Some applications might prefer to work with Derby in auto-commit mode; some might prefer to work with auto-commit turned off. You should be aware of the implications of using either model.

You should be aware of the following when you use auto-commit:

  • Cursors

    You cannot use auto-commit if you do any positioned updates or deletes (that is, an update or delete statement with a "WHERE CURRENT OF" clause) on cursors which have the close cursors on commit option set.

    Auto-commit automatically closes cursors, which are explicitly opened with the close on commit option, when you do any in-place updates or deletes. For more information about cursors, see SQL and JDBC ResultSet/Cursor Mechanisms.

    A cursor declared to be held across commit can execute updates and issue multiple commits before closing the cursor, but the cursor must be repositioned before any statement following the commit. If this is attempted with auto-commit on, an error is generated.

  • Database-side JDBC Procedures (procedures using nested connections)

    You cannot execute procedures within SQL statements if those procedures perform a commit or rollback on the current connection. Since in the auto-commit mode all SQL statements are implicitly committed, Derby turns off auto-commit during execution of database-side procedures and turns it back on when the method completes.

    Procedures that use nested connections are not permitted to turn auto-commit on or off or to commit or roll back.

  • Table-level locking and the SERIALIZABLE isolation level

    When an application uses table-level locking and the SERIALIZABLE isolation level, all statements that access tables hold at least shared table locks. Shared locks prevent other transactions that update data from accessing the table. A transaction holds a lock on a table until the transaction commits. So even a SELECT statement holds a shared lock on a table until its connection commits and a new transaction begins.

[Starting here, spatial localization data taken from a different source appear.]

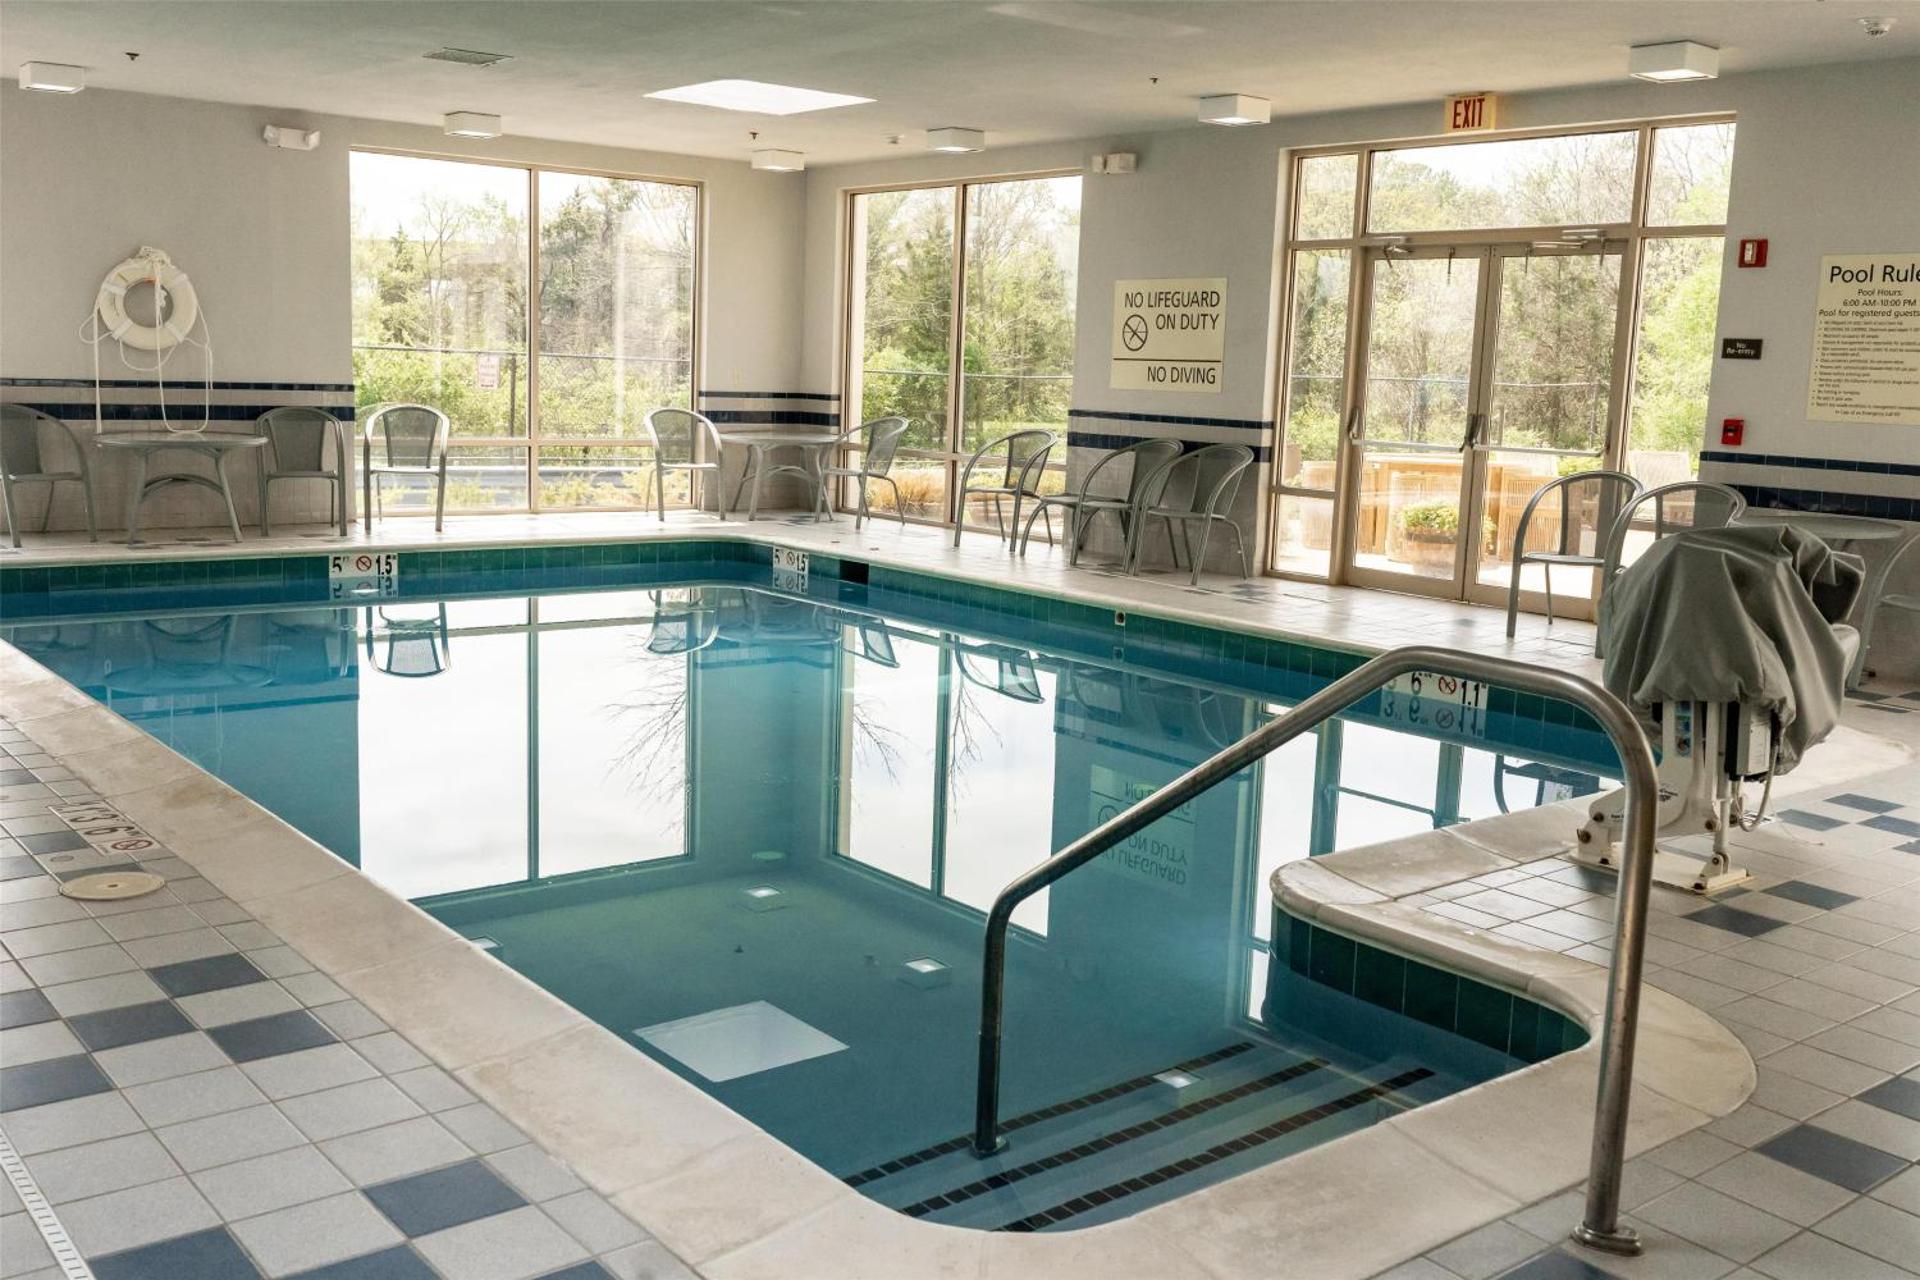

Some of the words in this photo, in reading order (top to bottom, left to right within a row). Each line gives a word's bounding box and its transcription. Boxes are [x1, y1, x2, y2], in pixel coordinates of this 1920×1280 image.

[1453, 98, 1485, 128] EXIT
[1830, 263, 1874, 283] Pool
[1125, 292, 1144, 308] NO
[1147, 291, 1221, 308] LIFEGUARD
[1155, 313, 1176, 330] ON
[1180, 313, 1220, 331] DUTY
[1851, 309, 1892, 318] registered
[1147, 366, 1167, 383] NO
[1170, 367, 1216, 385] DIVING
[332, 556, 342, 573] 5
[376, 554, 393, 576] 1.5
[1410, 671, 1422, 695] 6
[1461, 680, 1480, 708] 1.1

    Table 2. Summary of Application Behavior with Auto-Commit On or Off

    TopicAuto-Commit OnAuto-Commit Off
    TransactionsEach statement is a separate transaction.Commit() or rollback() begins a transaction.
    Database-side JDBC procedures (routines using nested connections)Auto-commit is turned off.Works (no explicit commits or rollbacks are allowed).
    Updatable cursorsDoes not work.Works.
    Multiple connections accessing the same dataWorks.Works. Lower concurrency when applications use SERIALIZABLE isolation mode and table-level locking.

Turning Off Auto-Commit

You can disable auto-commit with the Connection class's
setAutoCommit method.
//using the JDBC setAutoCommit method
conn.setAutoCommit(false);

Explicitly Closing Statements, ResultSets, and Connections

You should explicitly close Statements, ResultSets, and Connections when you no longer need them. Connections to Derby are resources external to an application, and the garbage collector will not close them automatically.

For example, close a Statement object using its close method; close a Connection object using its close method. If auto-commit is disabled, active transactions need to be explicitly committed or rolled back before closing the connection

Statement Versus Transaction Runtime Rollback

When an SQL statement generates an exception, this exception results in a runtime rollback. A runtime rollback is a system-generated rollback of a statement or transaction by Derby, as opposed to an explicit rollback call from your application.

Extremely severe exceptions, such as disk-full errors, shut down the system, and the transaction is rolled back when the database is next booted. Severe exceptions, such as deadlock, cause transaction rollback; Derby rolls back all changes since the beginning of the transaction and implicitly begins a new transaction. Less severe exceptions, such as syntax errors, result in statement rollback; Derby rolls back only changes made by the statement that caused the error. The application developer can insert code to explicitly roll back the entire transaction if desired.